Au Pérou, sur le lac Titicaca, une cité sur l’eau
Marieclairemaison.com vous invite à découvrir les îles de paille du lac Titicaca au Pérou.
Une cité sur l'eau
Au bout du monde, au Pérou, à l’ouest du lac Titicaca, vivent les Indiens Amayra. À l’horizon, dans ce coin reculé, berceau de la civilisation Inca, d’étranges îles de pailles flottent au milieu de cette mer intérieure légèrement salée. Ce sont les habitations des Indiens Amayra, héritées de leurs prédécesseurs, le peuple Uros, aujourd’hui disparu. À l’époque, les Uros, avaient optés pour ce type d’habitat afin d’échapper à la puissance et l’oppression des Incas.
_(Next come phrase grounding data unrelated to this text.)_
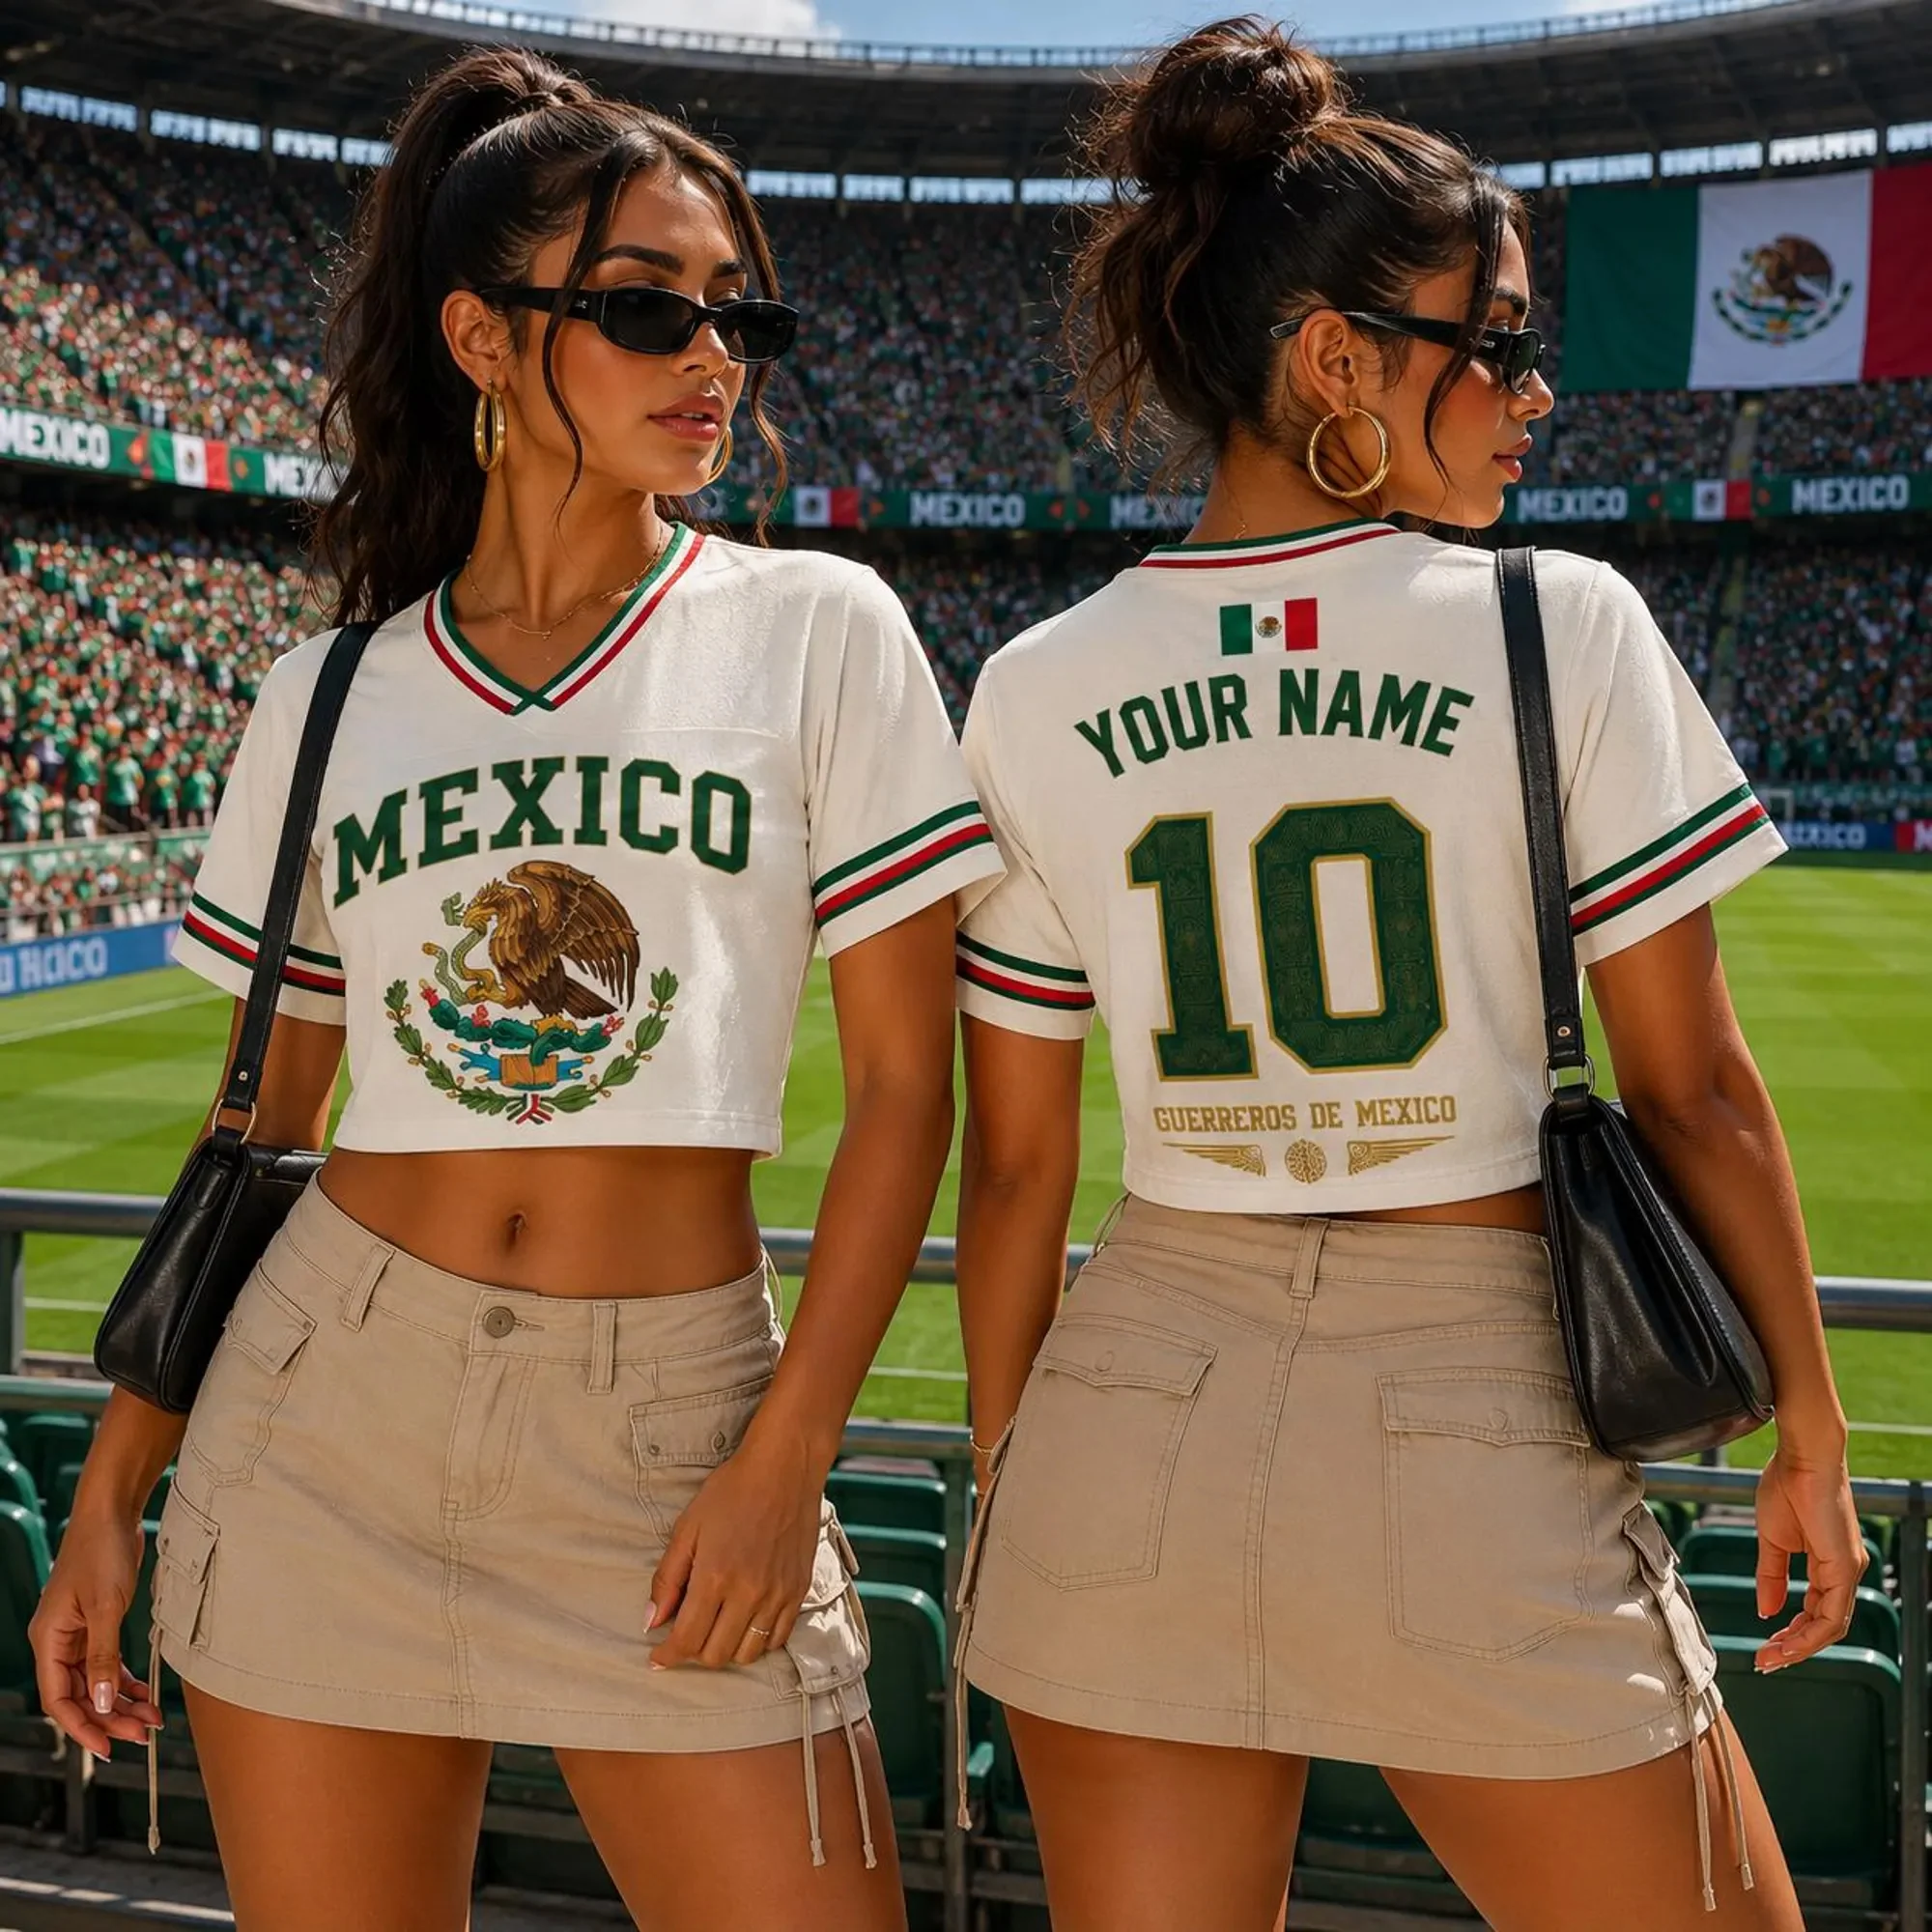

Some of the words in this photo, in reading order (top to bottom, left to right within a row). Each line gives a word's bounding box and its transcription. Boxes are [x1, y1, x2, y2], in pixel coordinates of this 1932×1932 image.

[0, 407, 110, 469] MEXICO
[909, 490, 1026, 527] MEXICO
[1110, 493, 1208, 529] MEXIC
[1518, 487, 1628, 522] MEXICO
[1792, 473, 1910, 512] MEXICO
[1074, 673, 1253, 779] YOUR
[1278, 668, 1475, 757] NAME
[333, 755, 752, 909] MEXICO
[1124, 796, 1448, 1082] 10
[1152, 1103, 1297, 1133] GUERREROS
[1309, 1101, 1344, 1130] DE
[1354, 1095, 1458, 1127] MEXICO
Dans ce coin de paradis, où le temps semble s’être arrêté, les Indiens Amayra vivent comme par le passé et respectent les mêmes traditions. Ici, le commerce et l’argent sont secondaires car la plus grande richesse de ce peuple n’est autre que la Totora, un jonc qui pousse en abondance sur les rives.
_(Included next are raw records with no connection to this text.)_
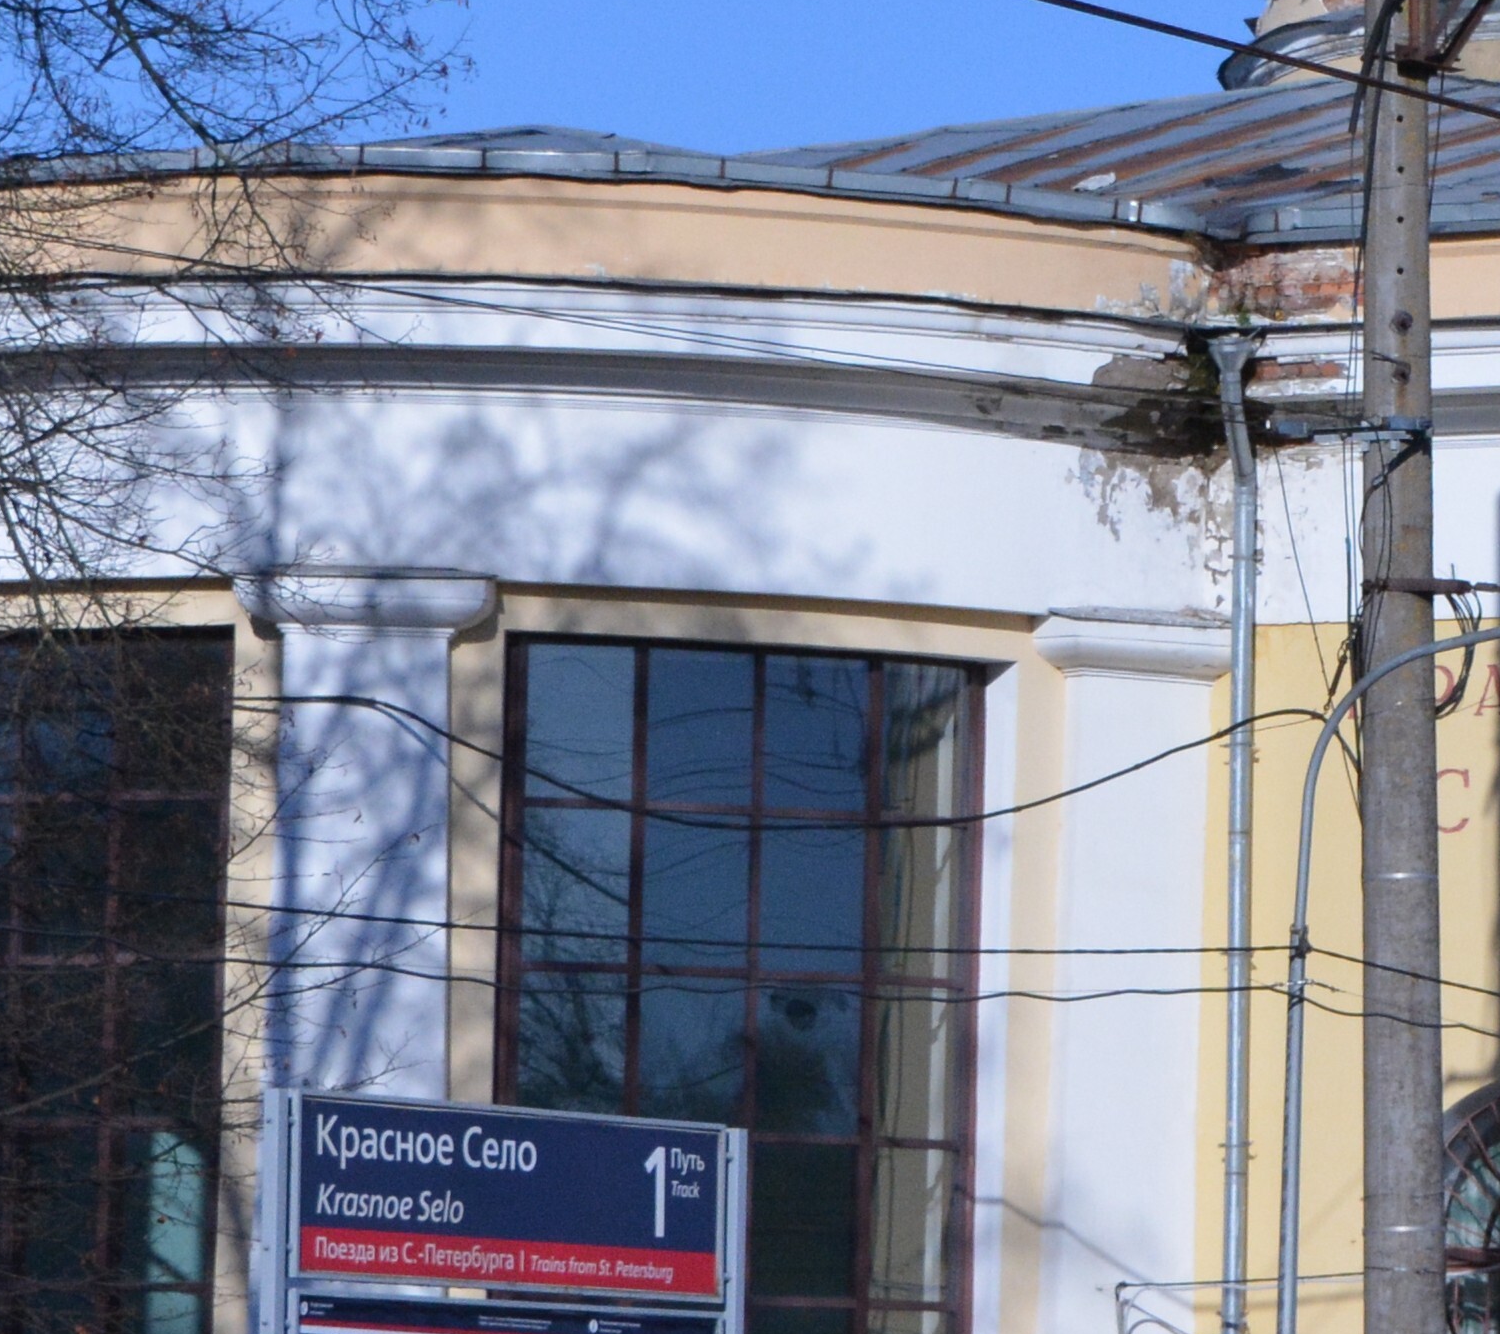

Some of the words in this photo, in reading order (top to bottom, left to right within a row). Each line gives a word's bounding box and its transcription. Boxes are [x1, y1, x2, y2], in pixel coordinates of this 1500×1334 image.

[316, 1113, 454, 1170] Красное
[462, 1125, 538, 1172] Село
[670, 1148, 705, 1176] Путь
[316, 1183, 414, 1221] Krasnoe
[417, 1189, 464, 1224] Selo
[644, 1146, 666, 1238] 1
[671, 1180, 700, 1199] Track
[315, 1236, 376, 1264] Поезда
[379, 1244, 399, 1263] из
[402, 1242, 515, 1274] С.-Петербурга
[530, 1255, 567, 1274] Trains
[568, 1256, 597, 1275] from
[598, 1259, 613, 1276] St.
[615, 1260, 674, 1284] Petersburg
C’est avec ce jonc aux vertus miraculeuses, que le « Kot–suna », le peuple du lac, construit ses huttes, ses meubles, des objets artisanaux ou encore leurs embarcations. Ce merveilleux matériau qui compose une quarantaine d’îles, les stabilise grâce à ses racines qui s’enchevêtrent et des pieux d’eucalyptus qui les préserve de la dérive.
Pour circuler, les Amayras utilisent leurs embarcations traditionnelles : les balsas. Ces bateaux semblables à de grands drakkars ont des proues en formes d’animaux très surprenantes et sont essentiels à ce peuple qui vit sur l’eau. Ainsi, chaque famille possède son îlot sur lequel sont construites les huttes d’habitations. Même si le Totora est un matériau très résistant, ils doivent refaire chaque année refaire le toit
Enfin, même s' ils vivent en suivant les coutumes de leurs ancêtres, ils ont su adapter les nouvelles technologies à leur mode de vie. Ainsi afin de limiter les risques d’incendies avec les bougies, ils ont équipé les habitations de panneaux solaires.
Aujourd’hui, les îles Uros font partie de la réserve naturelle du lac Titicaca. Flamants roses, canards sauvages, truites arc-en-ciel et crapauds géants sont protégés, un peu comme le peuple Amayra protège sa culture et ses traditions.